Joseph Arthur n’a jamais été aussi bon qu’en solo. Sa grande maîtrise des samples lui permet de dépasser ce qu’un groupe est ordinairement capable de faire. Il a cette grâce dont peu de groupes américains peuvent se réclamer ; une grâce lui donnant une liberté sur scène, et produisant ses effets.
Car c’est aussi par la peinture que cet artiste exprime sa sensibilité, ainsi que cette mélancolie constamment au cœur de ses chansons. Sur scène est disposée au début du concert une grande toile, blanche, que le chanteur peindra progressivement jusqu’à la dernière chanson. Chaque nouveau concert équivaut en fait à une nouvelle toile, peinte dans l’humeur de la soirée.
Et tous ces tableaux représentent des visages déconstruits, traversés de couleurs indifféremment vives ou sombres, exprimant une certaine détresse.
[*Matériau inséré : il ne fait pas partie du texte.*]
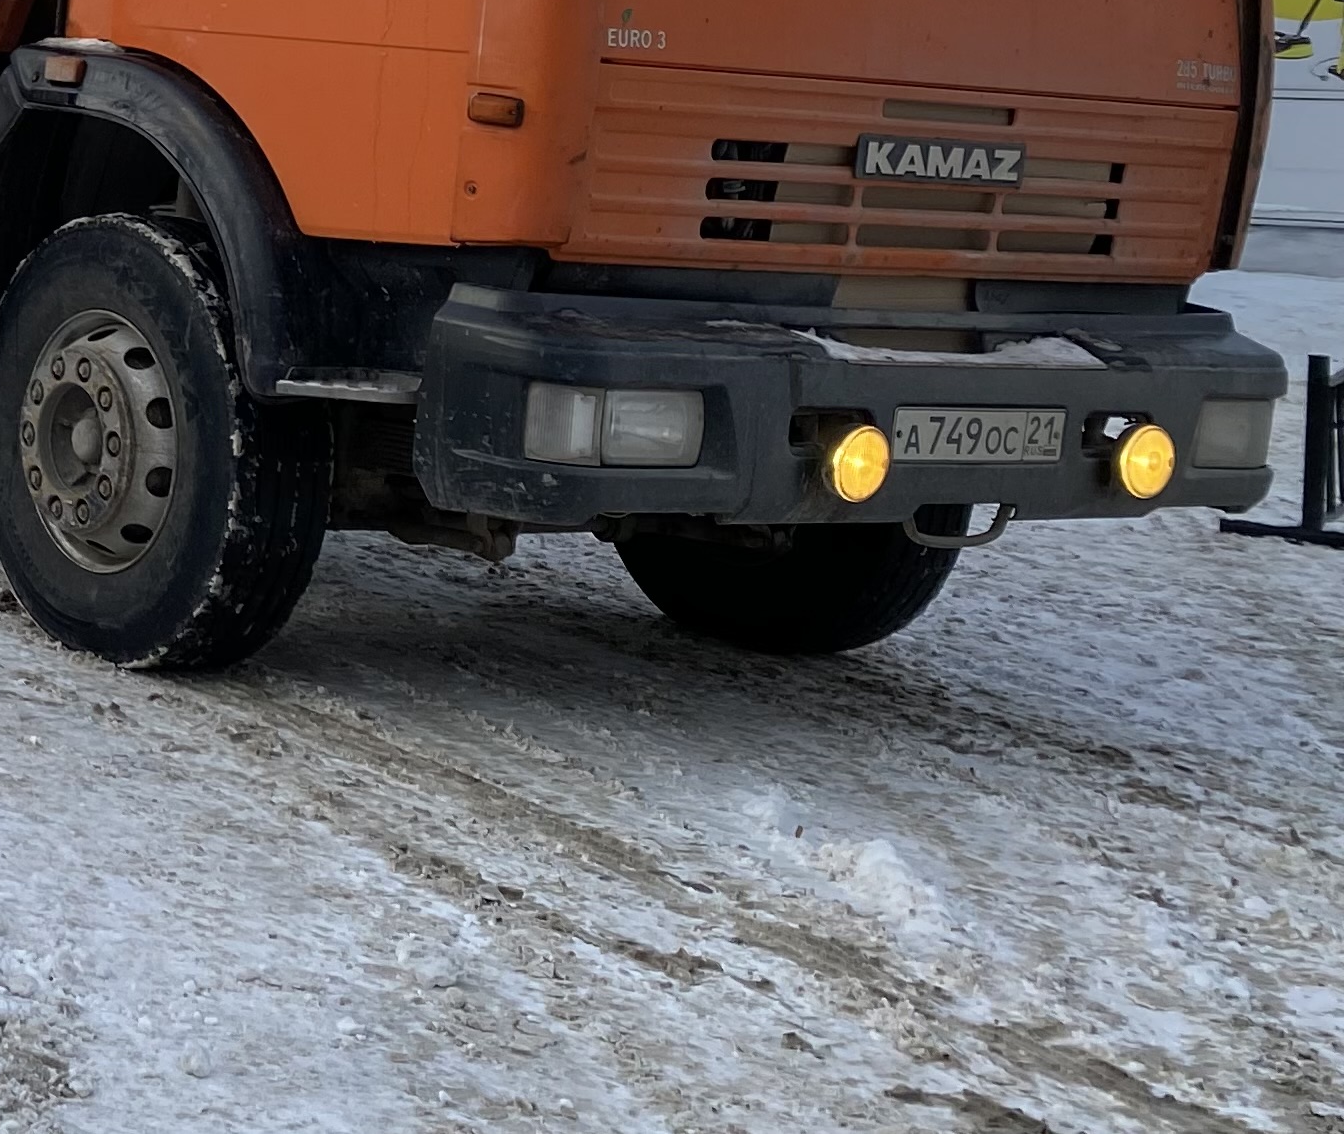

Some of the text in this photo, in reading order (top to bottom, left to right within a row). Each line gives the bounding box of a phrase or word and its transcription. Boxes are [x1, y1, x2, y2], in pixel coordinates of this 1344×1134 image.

[608, 28, 666, 49] EURO 3
[865, 141, 1021, 181] KAMAZ
[1028, 416, 1055, 444] 21
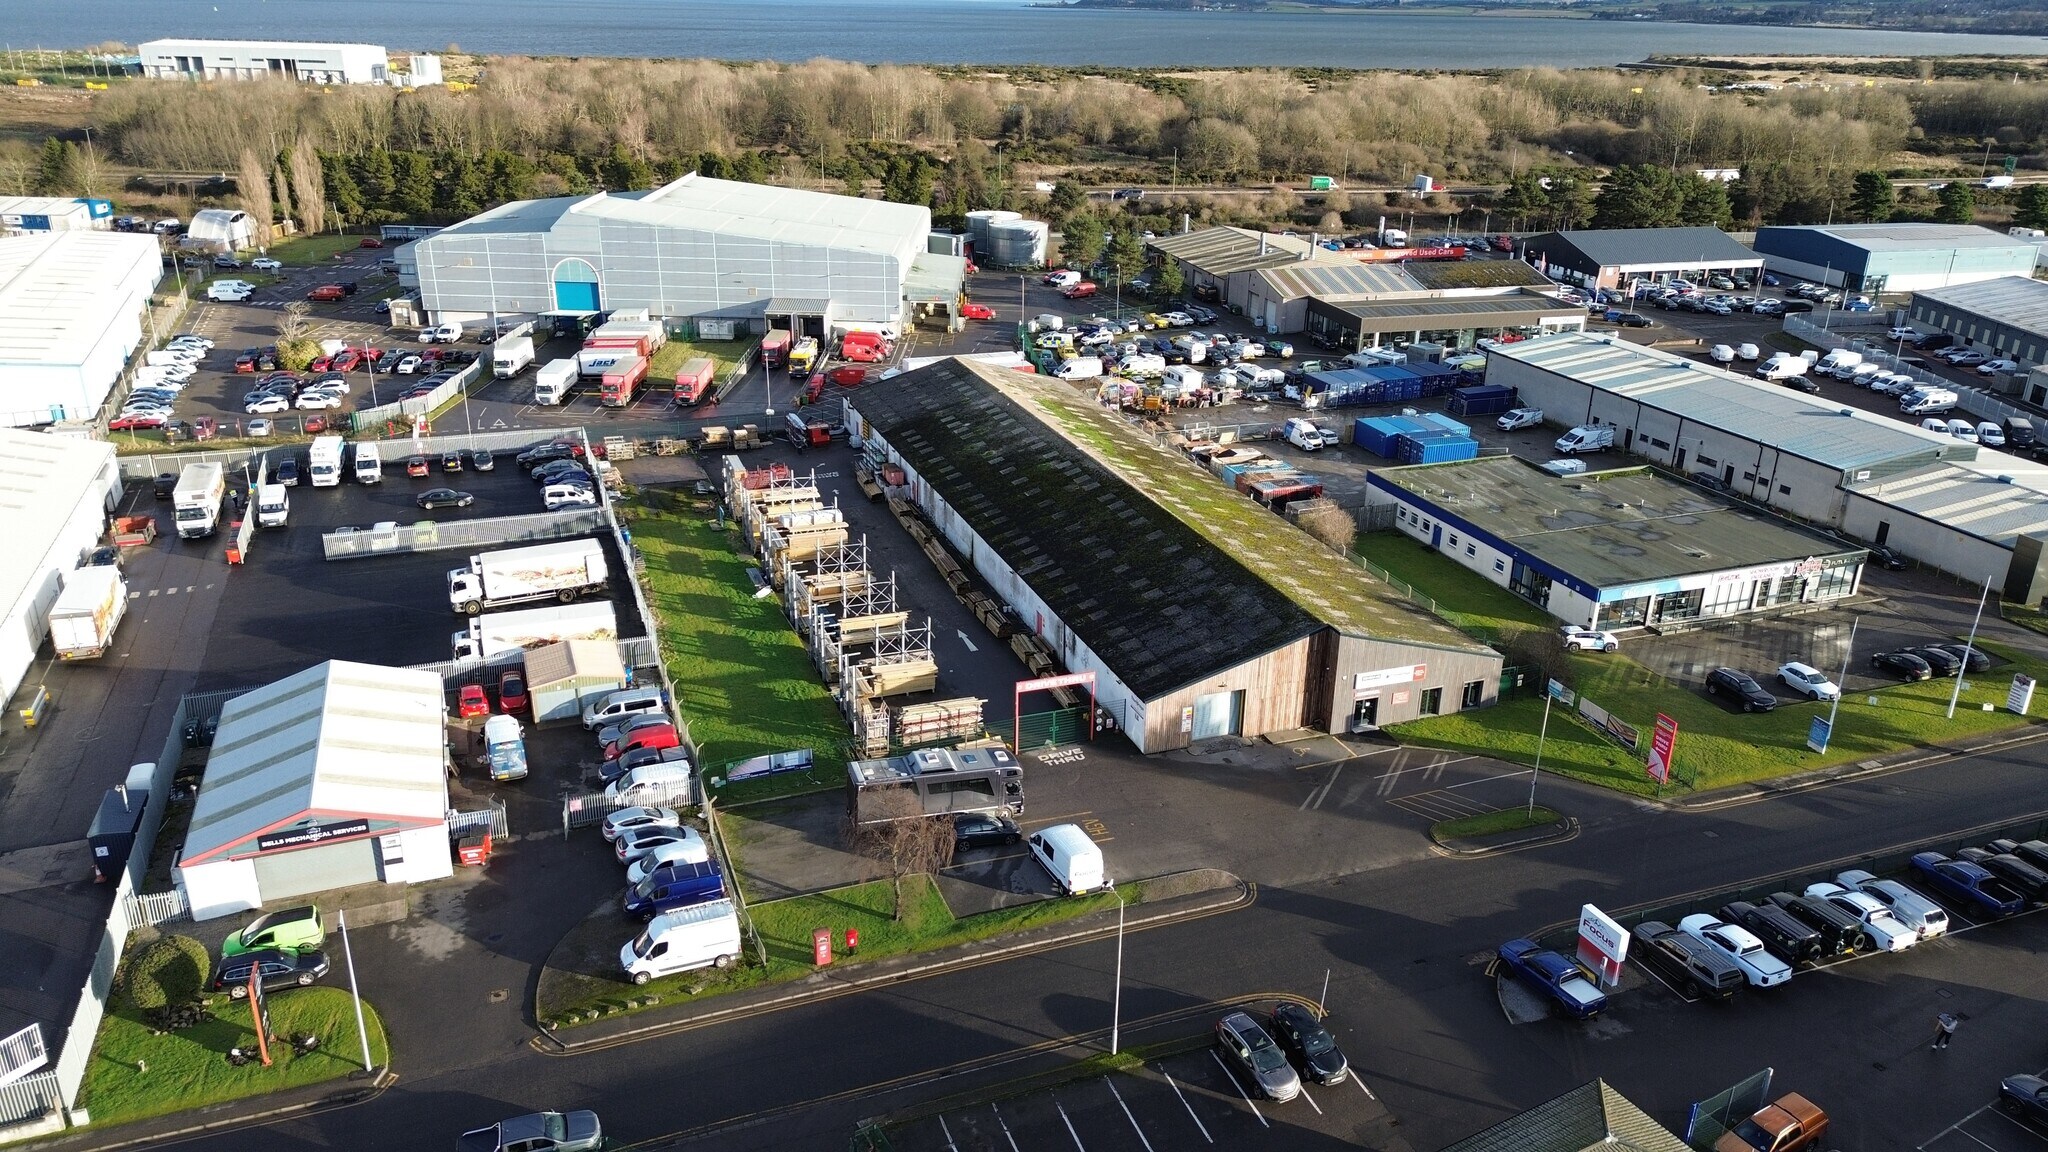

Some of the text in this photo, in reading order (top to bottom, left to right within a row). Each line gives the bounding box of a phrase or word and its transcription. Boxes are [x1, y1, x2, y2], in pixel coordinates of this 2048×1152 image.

[1384, 249, 1417, 258] Approved
[1420, 248, 1437, 256] Used
[1025, 675, 1086, 689] DRIVE THRU
[1655, 735, 1670, 746] DRIVE
[1655, 740, 1668, 751] THRU
[1037, 747, 1084, 761] DRIVE
[1044, 754, 1086, 766] THRU
[261, 825, 367, 848] BELLS MECHANICAL SERVICES
Alors que les boucles de guitare s’agencent pour canaliser l’ivresse mélodique, ce tableau en fait semble nous regarder, devenant à chaque fois plus vivant. A l’intérieur de cet œil – une femme sortie d’un Picasso méconnu ou d’un Bacon léger ? – apparaissent les lignes de désir.
Joseph Arthur nous aura ainsi captivés de bout en bout comme nous ne l’espérions plus. J’avais eu l’occasion de voir un concert de son groupe The Lonely Astronauts l’année dernière : son génie s’était effacé derrière le jeu des instruments. Ce gâchis m’avait rendu triste, car je savais intimement de quoi ce chanteur était capable. Et je n’avais surtout pas oublié ses deux premiers albums – Big City Secrets et Come To Where I’m From – sortis à la fin des années 90 ; assurément deux des albums les plus touchants que la Brit-pop eût pu produire en ce temps-là.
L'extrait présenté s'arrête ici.